Ugo Mola faisait la moue. Une grimace prémonitoire ? Il était 14 heures vendredi en salle d’embarquement de l’aéroport Toulouse-Blagnac et l’avion, affrété par le club pour transporter joueurs et partenaires, était censé décoller en direction de Dublin. Sauf que le troisième ligne Rynhardt Elstadt avait oublié son passeport chez lui et dû effectuer un aller-retour express pour récupérer le précieux sésame. Un comble pour celui qui possède sa licence de pilote. "Je leur ai dit que je pouvais les rejoindre avec mon propre avion mais ça ne les a pas fait marrer", nous confiait ironiquement le Sud-Africain à son arrivée à bord, avec plus d’une heure de retard, gentiment applaudi par ses potes.

Énième contretemps d’une semaine que le staff aurait aimée moins agitée. Les ennuis ont commencé le dimanche précédent, à l’issue d’une rencontre folle remportée face à Clermont qui a vu Zack Holmes sortir sur protocole commotion. L’ouvreur australien expulsé lors du quart de finale de Champions Cup gagné au Racing 92, pour qui dirigeants et entraîneurs s’étaient battus devant la Commission de discipline de l’EPCR afin de le voir autorisé à disputer la demi-finale.

Les résultats de son test HIA3, obligatoires pour les joueurs commotionnés afin de les juger aptes ou non à reprendre l’entraînement, ne pouvaient être connus avant jeudi après-midi. Il fallait composer jusque-là et l’encadrement, qui hésitait entre plusieurs combinaisons sur la ligne de trois-quarts, a vite décidé de titulariser la paire Bezy-Dupont à la charnière. Ce qui, en l’absence de buteur de haut niveau, conduisait à placer Thomas Ramos à l’arrière et à décaler Cheslin Kolbe sur une aile. Et, finalement, le test s’est avéré infructueux pour Holmes qui, la mort dans l’âme, renonçait à découvrir l’Aviva Stadium. Au contraire de Romain Ntamack qui, malgré une grosse béquille l’ayant privé de séances collectives jusqu’à vendredi, a pu s’asseoir sur le banc.

L’imbroglio Tekori

Mardi soir, fut aussi officialisée la citation de Joe Tekori pour son plaquage sur le Clermontois Yohan Beheregaray, qui lui avait valu un carton jaune. Laquelle a provoqué un improbable imbroglio. Le règlement français stipule qu’un joueur cité, mais non exclu, peut être aligné dans l’attente de son audience.

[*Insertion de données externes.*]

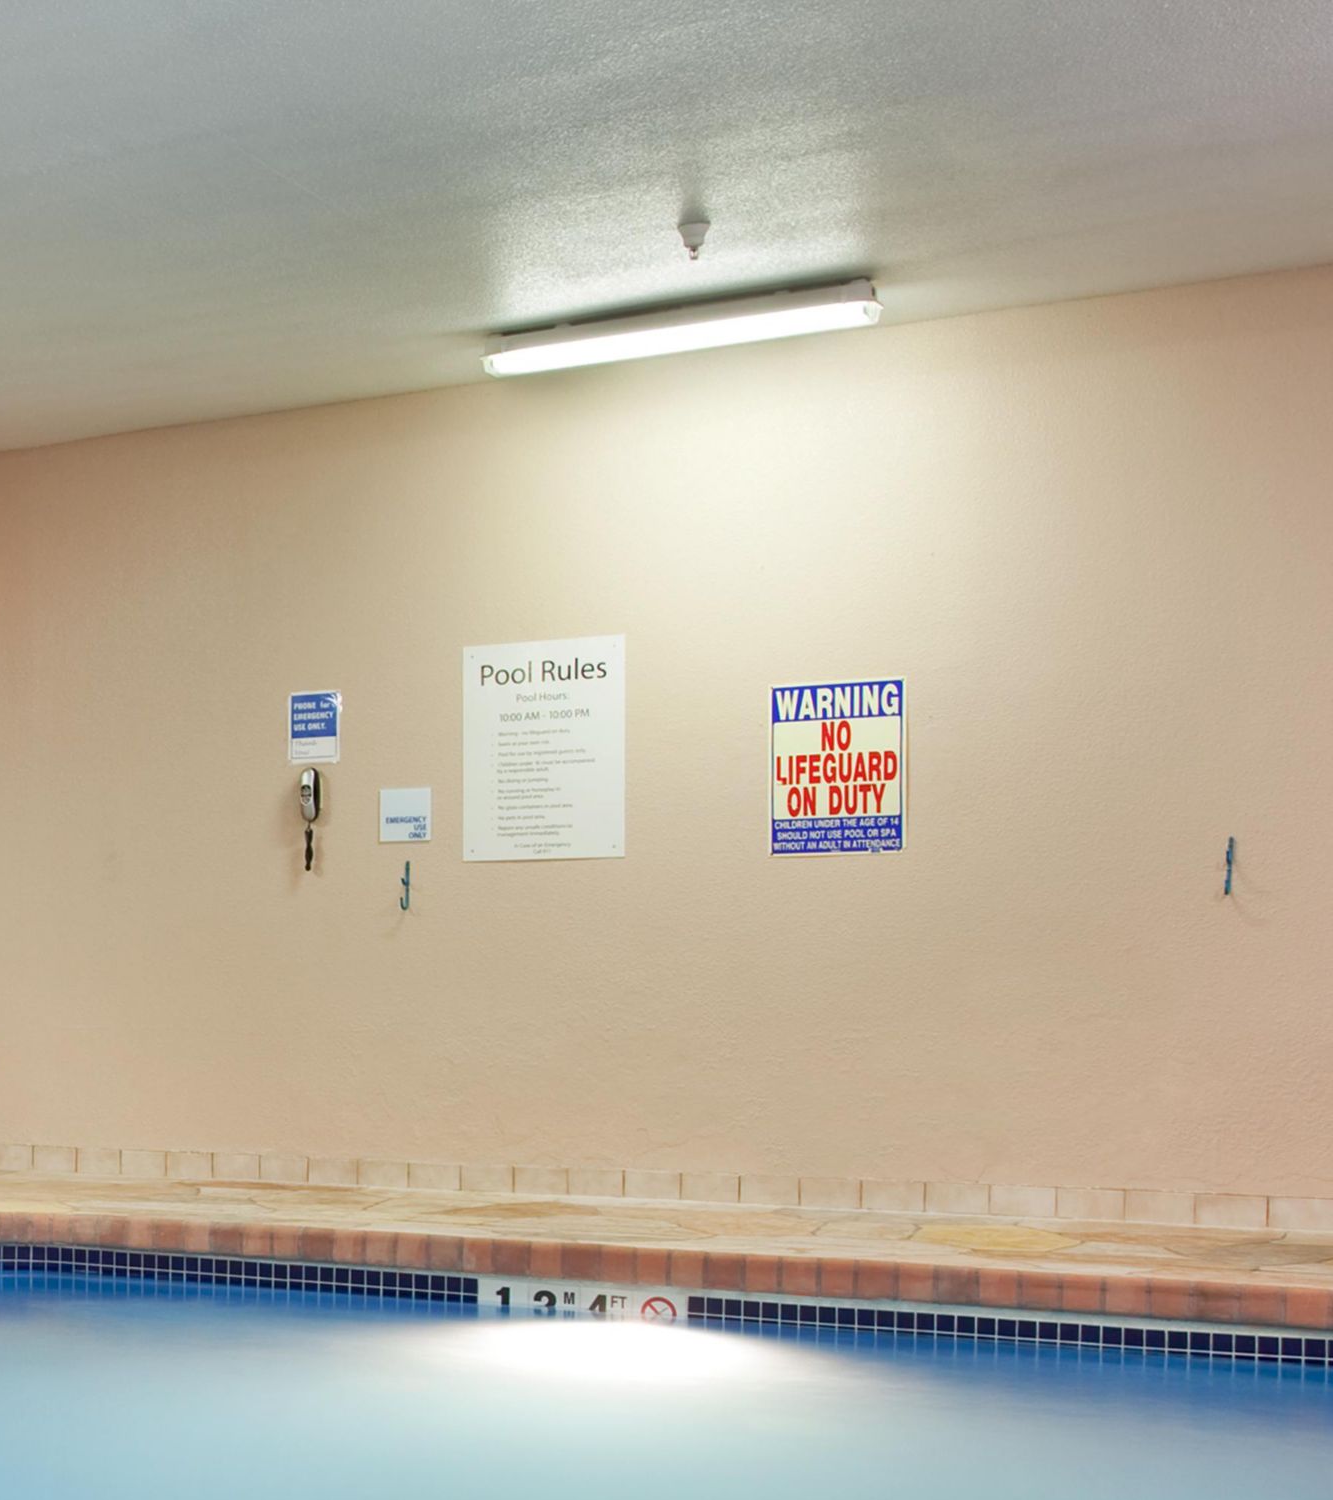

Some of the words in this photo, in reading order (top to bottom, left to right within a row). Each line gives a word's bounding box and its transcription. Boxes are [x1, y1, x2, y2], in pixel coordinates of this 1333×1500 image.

[481, 660, 532, 686] Pool
[541, 657, 607, 682] Rules
[516, 692, 537, 703] Pool
[775, 683, 900, 721] WARNING
[293, 702, 316, 710] PHONE
[293, 711, 333, 721] EMERGENCY
[499, 712, 523, 722] 10:00
[524, 711, 540, 720] AM
[549, 709, 573, 720] 10:00
[574, 708, 590, 718] PM
[293, 723, 306, 731] USE
[821, 720, 852, 752] NO
[776, 750, 898, 785] LIFEGUARD
[787, 786, 817, 818] ON
[829, 783, 886, 816] DUTY
[386, 816, 426, 824] EMERGENCY
[774, 820, 813, 830] CHILDREN
[814, 818, 840, 829] UNDER
[843, 818, 857, 828] THE
[859, 817, 875, 827] AGE
[877, 816, 888, 827] OF
[891, 816, 900, 826] 14
[777, 830, 808, 841] SHOULD
[809, 830, 826, 840] NOT
[827, 829, 842, 840] USE
[844, 829, 866, 839] POOL
[867, 828, 879, 838] OR
[880, 827, 896, 838] SPA
[773, 841, 805, 851] WITHOUT
[807, 841, 818, 850] AN
[819, 840, 841, 850] ADULT
[843, 840, 852, 850] IN
[852, 838, 900, 849] ATTENDANCE
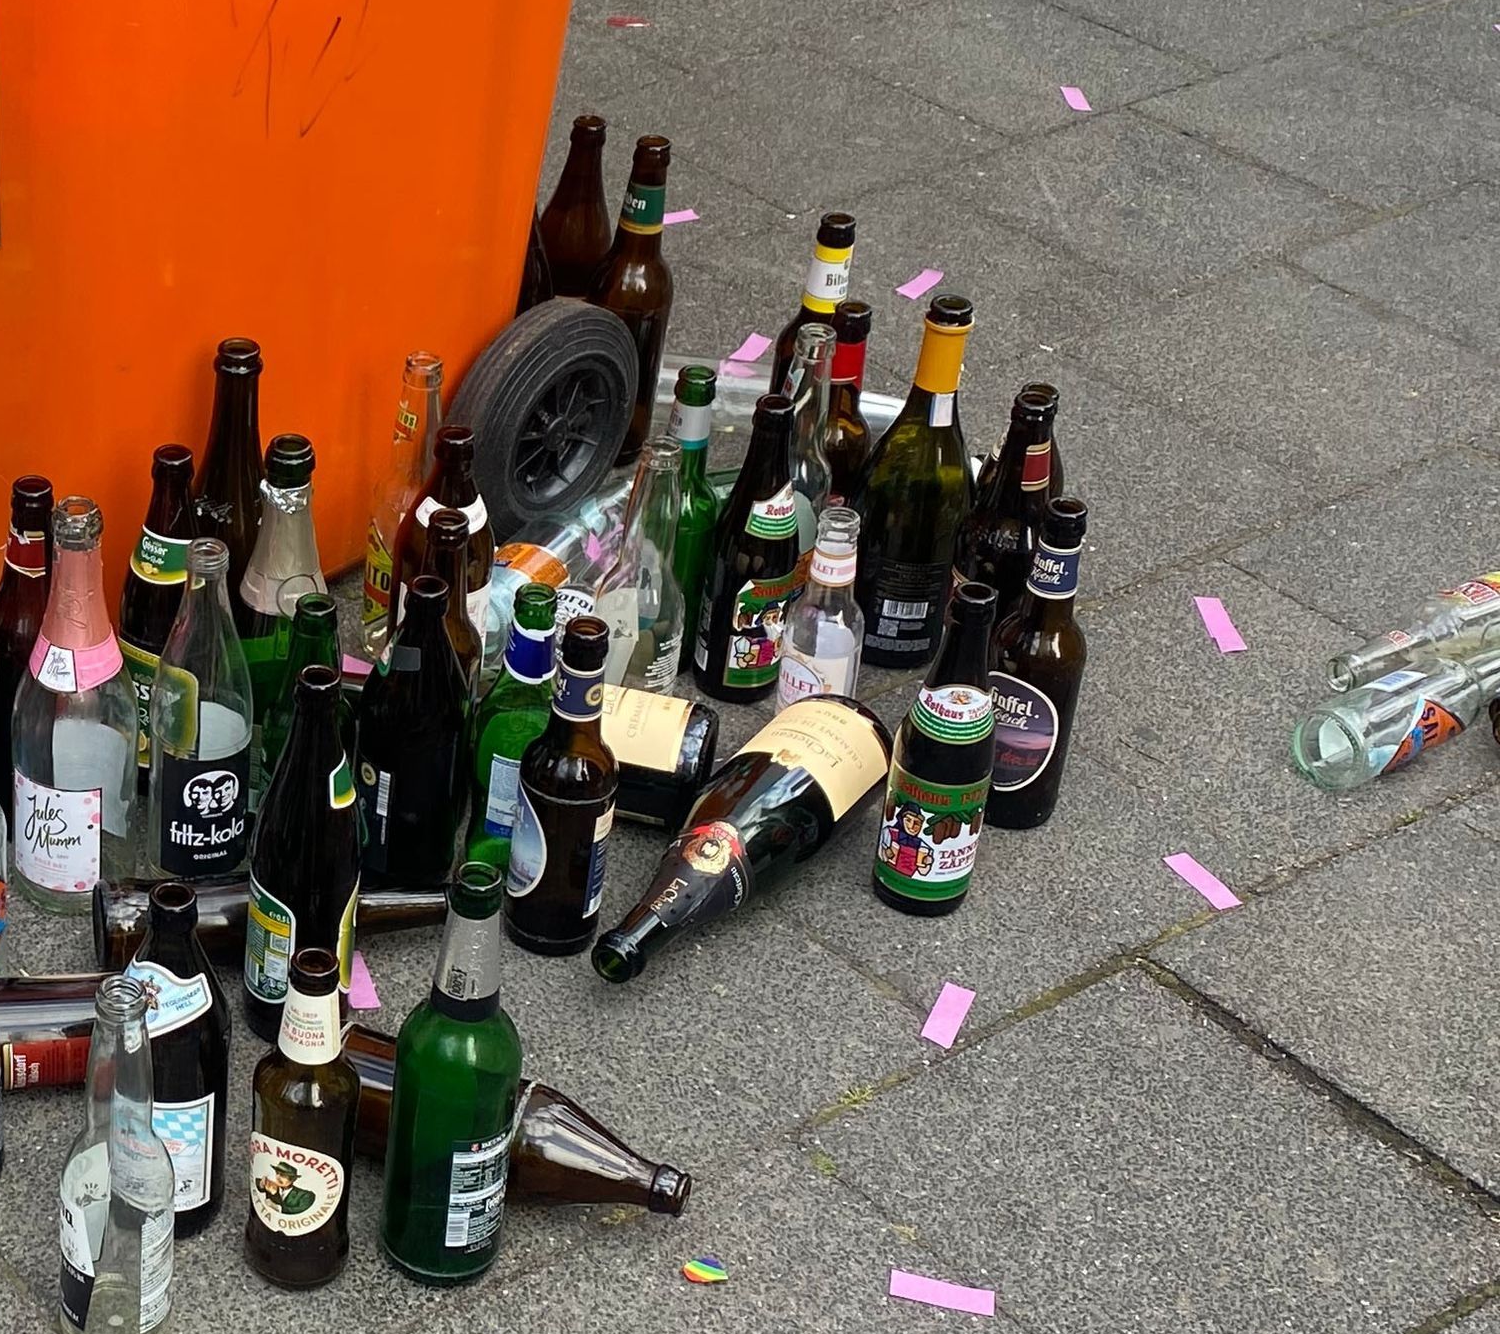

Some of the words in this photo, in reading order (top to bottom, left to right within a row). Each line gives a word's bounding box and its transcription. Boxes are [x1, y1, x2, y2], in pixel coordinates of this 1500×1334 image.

[23, 795, 68, 841] Jules
[169, 817, 245, 847] fritz-kola
[31, 823, 82, 859] Mumm
[291, 1026, 325, 1040] BUONA
[276, 1145, 339, 1191] MORETTI
[277, 1191, 338, 1231] ORIGINALE

Mais un problème de traduction de celui de l’EPCR a placé tout le monde dans l’embarras et Tekori dans une situation incongrue. Malgré plusieurs contre-exemples de garçons qui avaient pu jouer ces dernières saisons, le flou autour du point de loi faisait planer le risque d’une défaite sur tapis vert si le Samoan foulait la pelouse dimanche. La malédiction se poursuivait pour lui, déjà privé du quart parce qu’il était rentré au pays pour les funérailles de sa mère.

Les Toulousains, blessés par l’épreuve traversée par celui qui est considéré comme le papa et l’ambianceur du groupe, s’étaient alors promis de lui offrir une demi-finale. Revenu le matin même du duel à l’Arena, Tekori avait débarqué à l’hôtel des Stadistes où, sans un mot, ses coéquipiers lui étaient tombés dans les bras, provoquant une intense émotion selon les témoins de la scène. "À cet instant-là, le match était définitivement lancé", racontait l’un d’eux après coup.

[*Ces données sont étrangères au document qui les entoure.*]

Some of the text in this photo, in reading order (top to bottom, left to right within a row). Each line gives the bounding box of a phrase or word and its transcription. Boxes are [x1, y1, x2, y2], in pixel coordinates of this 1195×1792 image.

Même absent, le colosse était encore décisif. Autant dire que l’imaginer rater le déplacement à Dublin a secoué le vestiaire stadiste même si le joueur est toujours resté positif devant le groupe, ne voulant pas créer de psychodrame autour de son cas. "Il a eu une attitude de seigneur, comme d’habitude", assurait un membre du staff. Mercredi soir, la décision d’avancer son audience était prise dans l’espoir d’écarter toute sanction supplémentaire. En quelques heures, le club a organisé sa défense avec l’expertise salvatrice d’un biomécanicien.

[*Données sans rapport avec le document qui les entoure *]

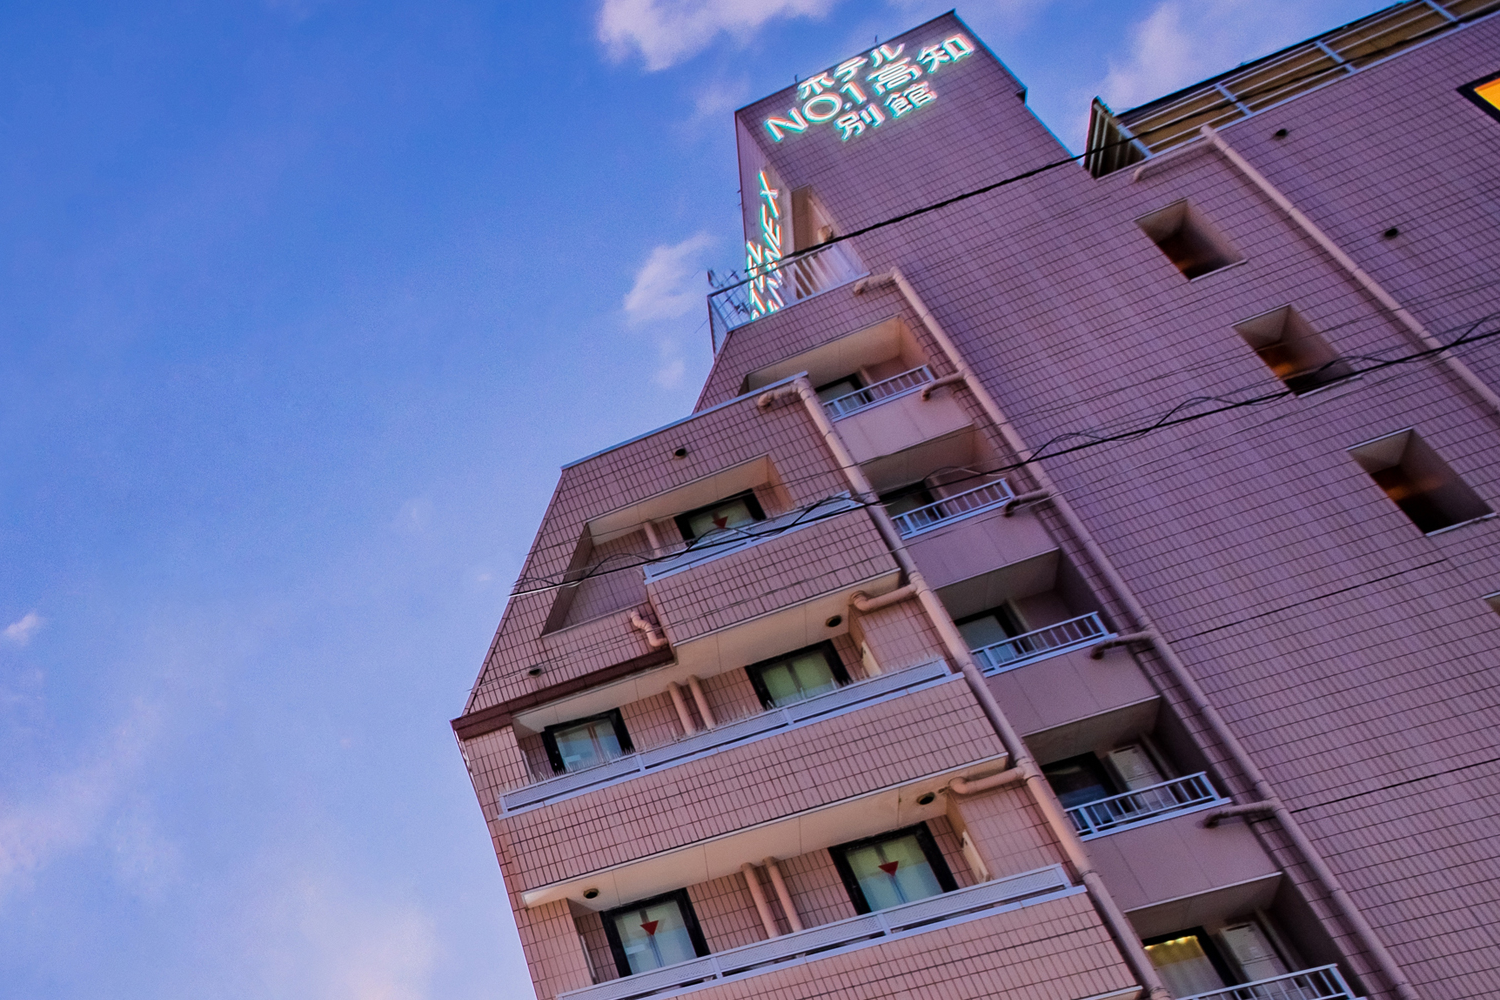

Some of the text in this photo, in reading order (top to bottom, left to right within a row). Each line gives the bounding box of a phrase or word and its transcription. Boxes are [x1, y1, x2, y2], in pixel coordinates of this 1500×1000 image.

[797, 43, 905, 99] ホテル
[834, 81, 937, 141] 別館

Jeudi midi, Tekori présentait ses arguments par visio-conférence. Dans l’après-midi, la LNR l’autorisait à jouer dès ce week-end. Soulagement à Ernest-Wallon. Depuis quinze jours, le staff, désireux de maintenir le duo de géants Arnold-Gray en deuxième ligne, songeait sérieusement à replacer le Samoan en position de flanker pour densifier son pack et répondre au défi physique irlandais. Le choix était dès lors arrêté : Tekori serait dans le XV de départ.

Destin et tradition

Mais il était écrit que les aléas se multiplieraient jusqu’au coup d’envoi. Mardi encore, dans la foulée des fuites qui annonçaient Fabien Galthié comme futur sélectionneur, Rugbyrama. fr révélait que William Servat était le premier choix de Bernard Laporte pour prendre en charge les avants des Bleus et que le président de la FFR l’avait déjà sollicité. Pas l’idéal au moment d’aborder le rendez-vous de l’année dans la sérénité.

Voilà qui rappelait les jours précédant le barrage perdu contre Castres l’an passé, quand les négociations autour des transferts de Yoann Maestri et Gaël Fickou au Stade français étaient venues polluer la préparation toulousaine.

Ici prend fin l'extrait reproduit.